The command line flags and descriptions:

=over 4

=item --out <filename>

Provide the name of the output file. If the input files were 
split using 'split_data_file.pl', then the original base name 
may be reconstituted. Otherwise, the user will be asked for 
an output file name.

=item --gz

Indicate whether the output files should be compressed 
with gzip.
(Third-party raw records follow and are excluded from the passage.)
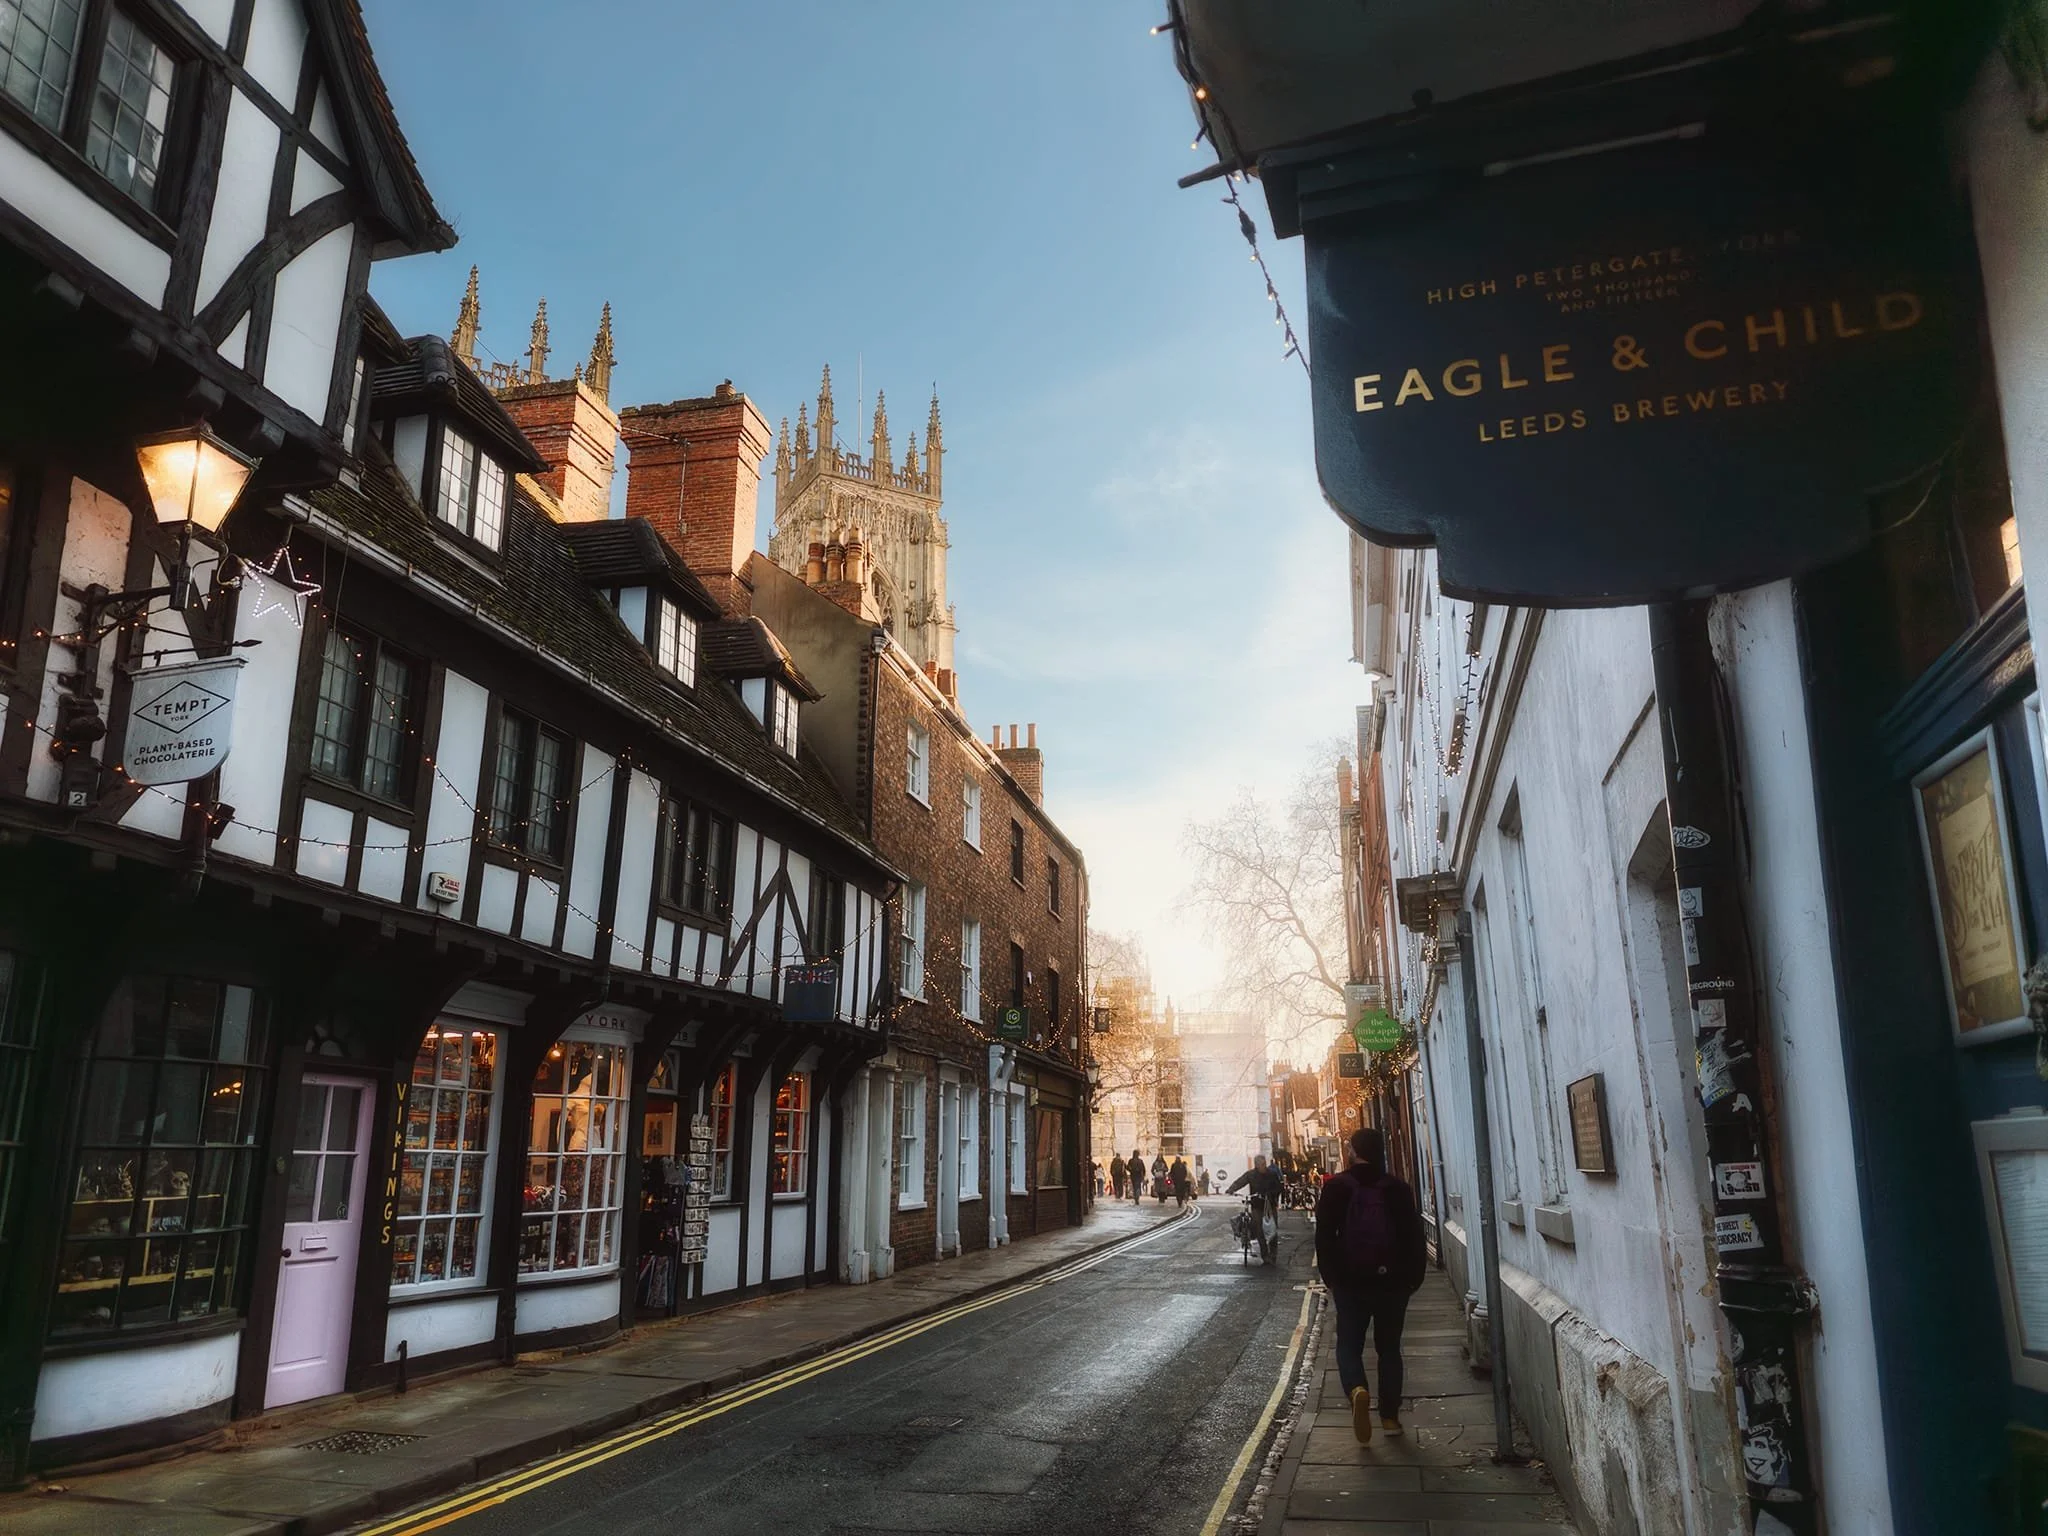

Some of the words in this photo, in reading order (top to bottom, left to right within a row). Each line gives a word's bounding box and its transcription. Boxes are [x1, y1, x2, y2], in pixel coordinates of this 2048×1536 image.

[1426, 279, 1497, 305] HIGH
[1544, 286, 1584, 303] TWO
[1560, 299, 1596, 314] AND
[1353, 343, 1575, 413] EAGLE
[1611, 334, 1650, 372] &
[1683, 290, 1926, 360] CHILD
[1478, 409, 1588, 443] LEEDS
[1612, 378, 1791, 423] BREWERY
[154, 698, 211, 717] TEMPT
[170, 714, 190, 722] YORK
[139, 737, 214, 756] PLANT-BASED
[133, 747, 216, 766] CHOCOLATERIE
[73, 793, 83, 805] 2
[585, 1014, 625, 1029] YORK
[1370, 1018, 1383, 1026] the
[1377, 1026, 1399, 1036] apple
[1345, 1058, 1358, 1067] 22
[381, 1082, 408, 1245] VIKINGS
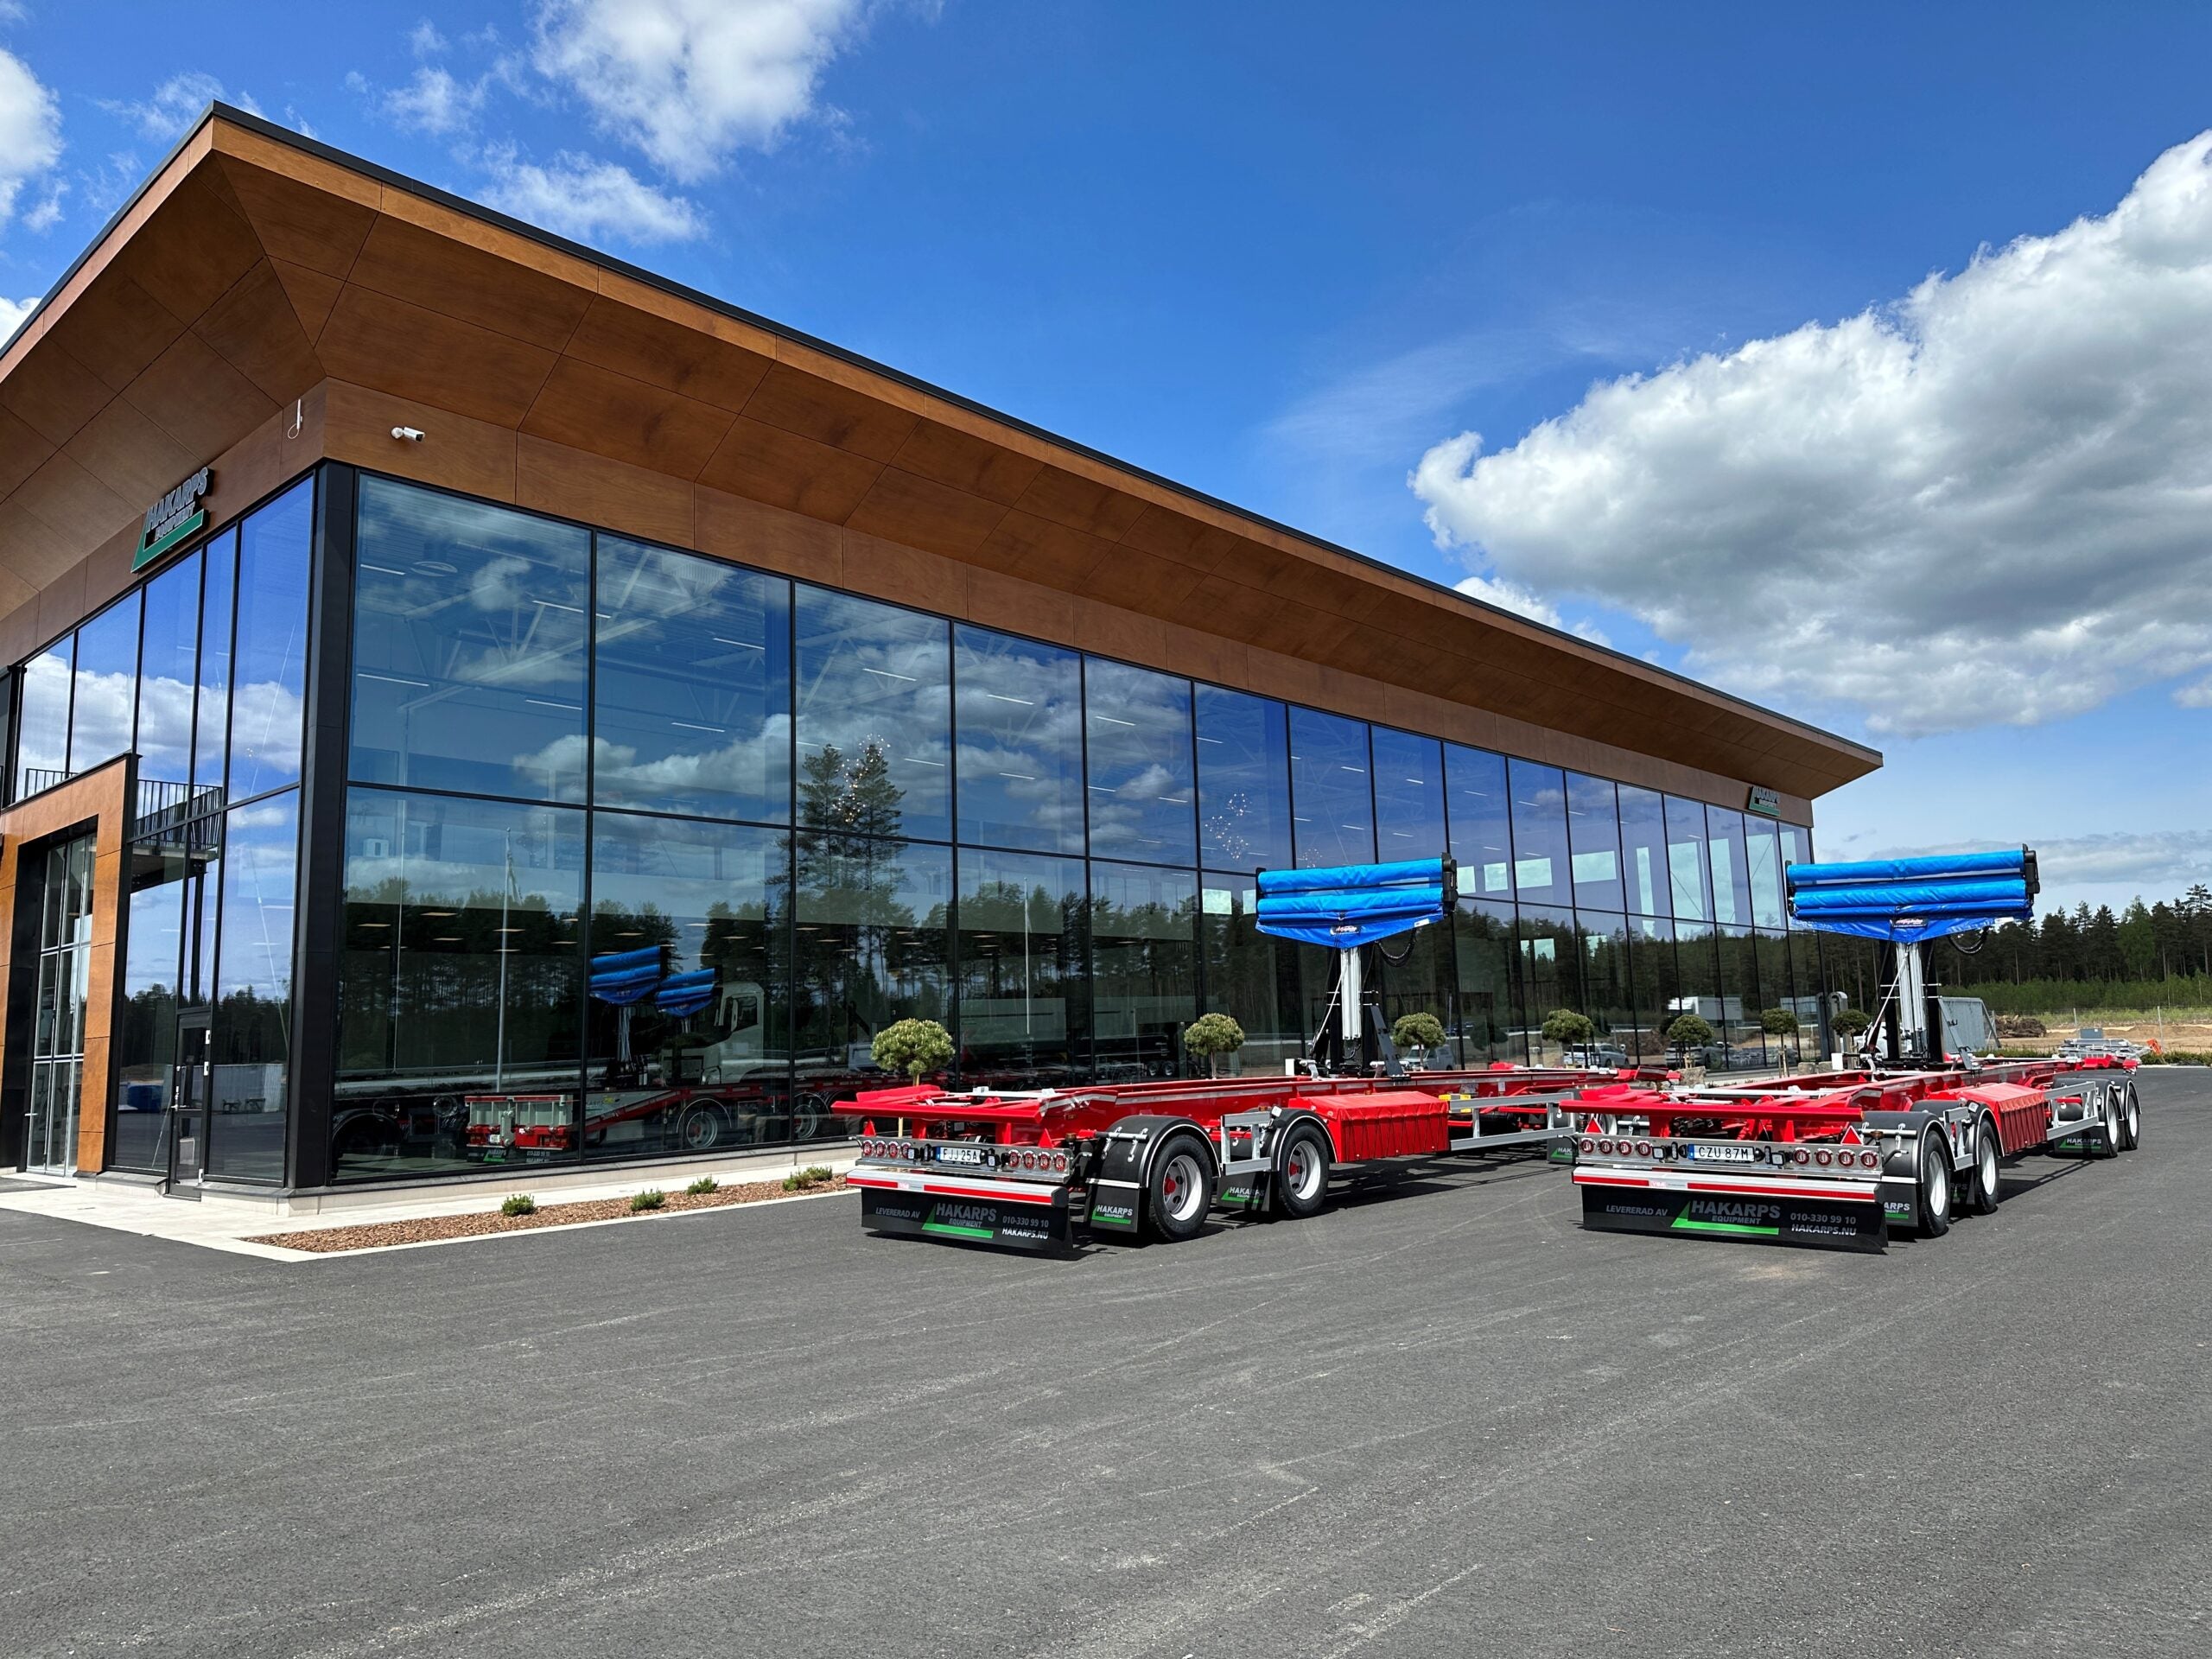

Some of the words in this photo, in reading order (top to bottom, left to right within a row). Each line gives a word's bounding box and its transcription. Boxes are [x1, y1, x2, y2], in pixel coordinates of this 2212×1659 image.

[147, 467, 208, 532] HAKARPS
[154, 501, 195, 543] EQUIPMENT
[944, 1148, 959, 1160] FJJ
[961, 1150, 977, 1161] 25A
[1699, 1147, 1721, 1158] CZU
[1726, 1147, 1748, 1160] 87M
[875, 1206, 910, 1217] LEVERERAD
[911, 1210, 921, 1218] AV
[936, 1202, 997, 1222] HAKARPS
[1096, 1205, 1133, 1217] HAKARPS
[1605, 1205, 1654, 1216] LEVERERAD
[1655, 1208, 1669, 1217] AV
[1691, 1200, 1781, 1218] HAKARPS
[1884, 1201, 1910, 1211] ARPS
[949, 1217, 982, 1228] EQUIPMENT
[1002, 1215, 1029, 1226] 010-330
[1030, 1217, 1039, 1227] 99
[1040, 1219, 1049, 1228] 10
[1712, 1215, 1762, 1224] EQUIPMENT
[1789, 1212, 1827, 1223] 010-330
[1830, 1215, 1842, 1224] 99
[1845, 1216, 1857, 1224] 10
[1002, 1227, 1048, 1240] HAKARPS.NU
[1791, 1224, 1857, 1236] HAKARPS.NU
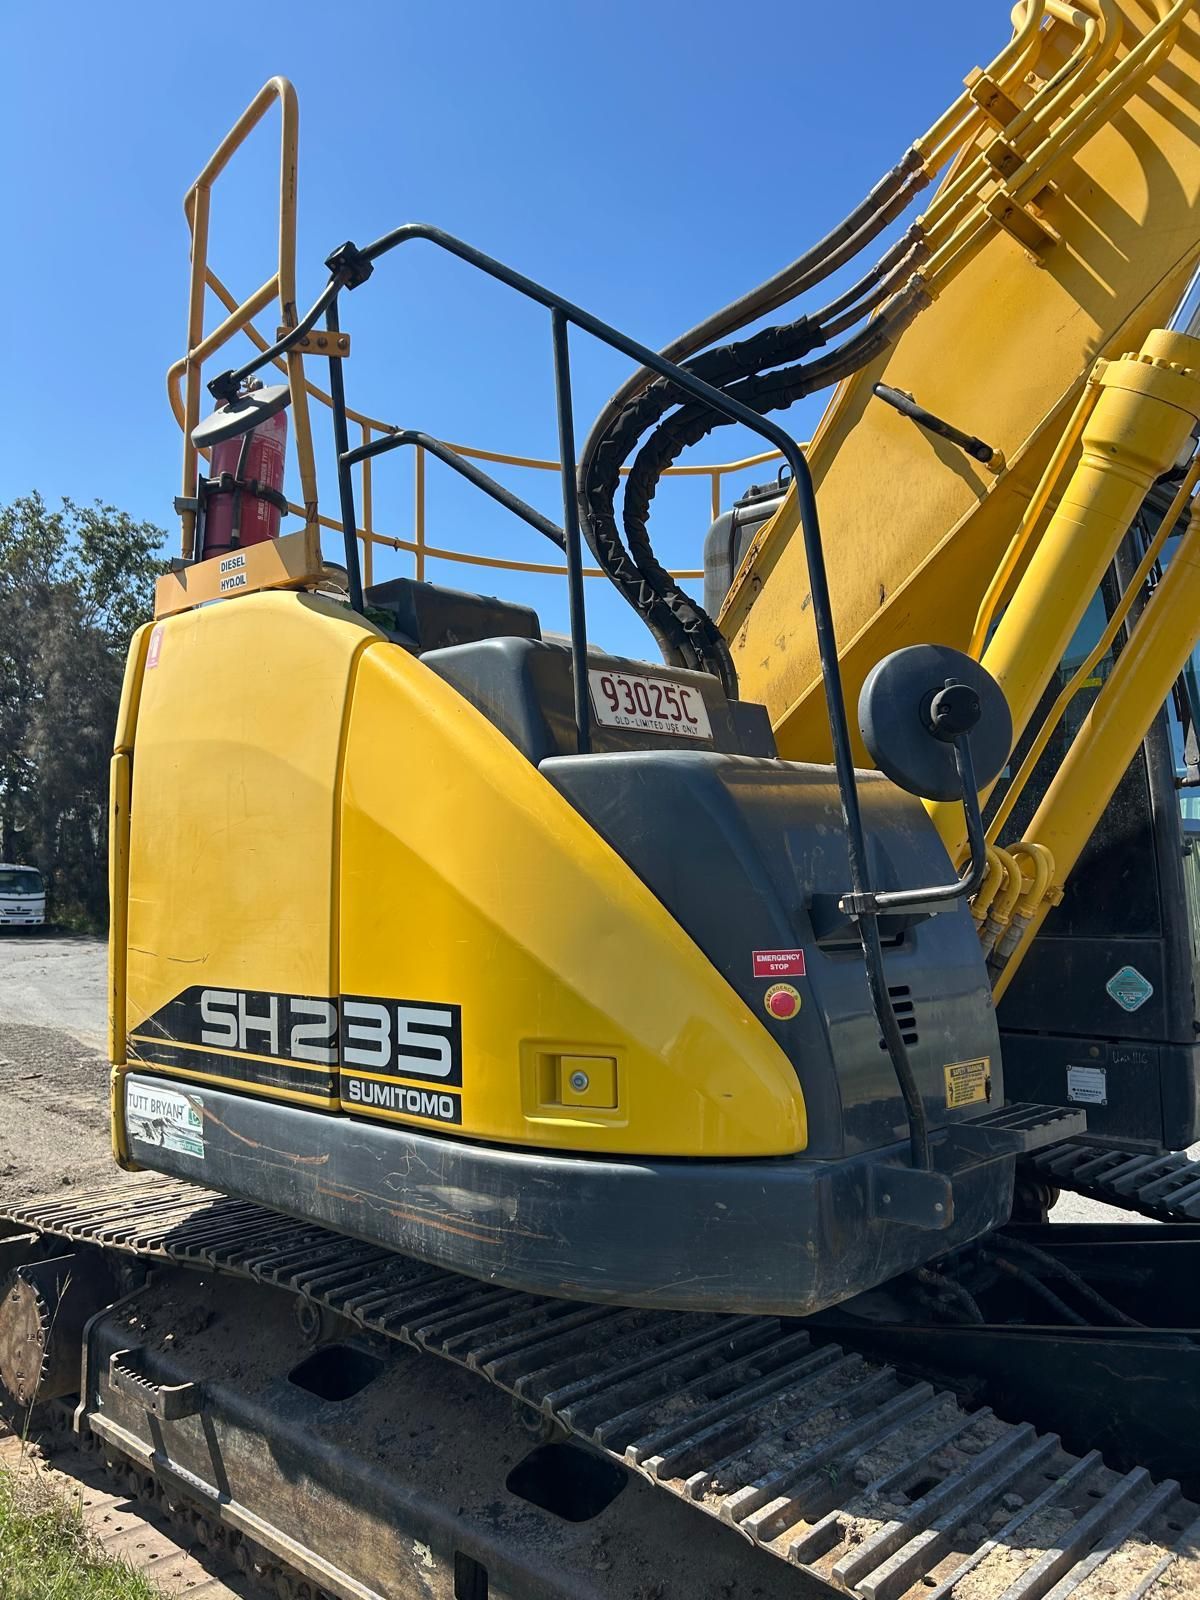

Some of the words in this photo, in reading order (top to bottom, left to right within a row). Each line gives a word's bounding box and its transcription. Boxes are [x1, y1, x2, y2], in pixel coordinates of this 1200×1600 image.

Default behavior is to preserve the compression 
status of the first input file.

=item --version

Print the version number.

=item --help

Display the POD documentation

=back

=head1 DESCRIPTION

This program will join two or or more data files, essentially concatanating
the files but intelligently dealing with the metadata and column headers. 
Checks are made to ensure that the number of columns in the subsequent files 
match the first file.

The program will not merge datasets from multiple files; see 
the program 'merge_datasets.pl' for that.

This program is intended as the complement to 'split_data_files.pl'.

=head1 AUTHOR

 Timothy J. Parnell, PhD
 Howard Hughes Medical Institute
 Dept of Oncological Sciences
 Huntsman Cancer Institute
 University of Utah
 Salt Lake City, UT, 84112

This package is free software; you can redistribute it and/or modify
it under the terms of the Artistic License 2.0.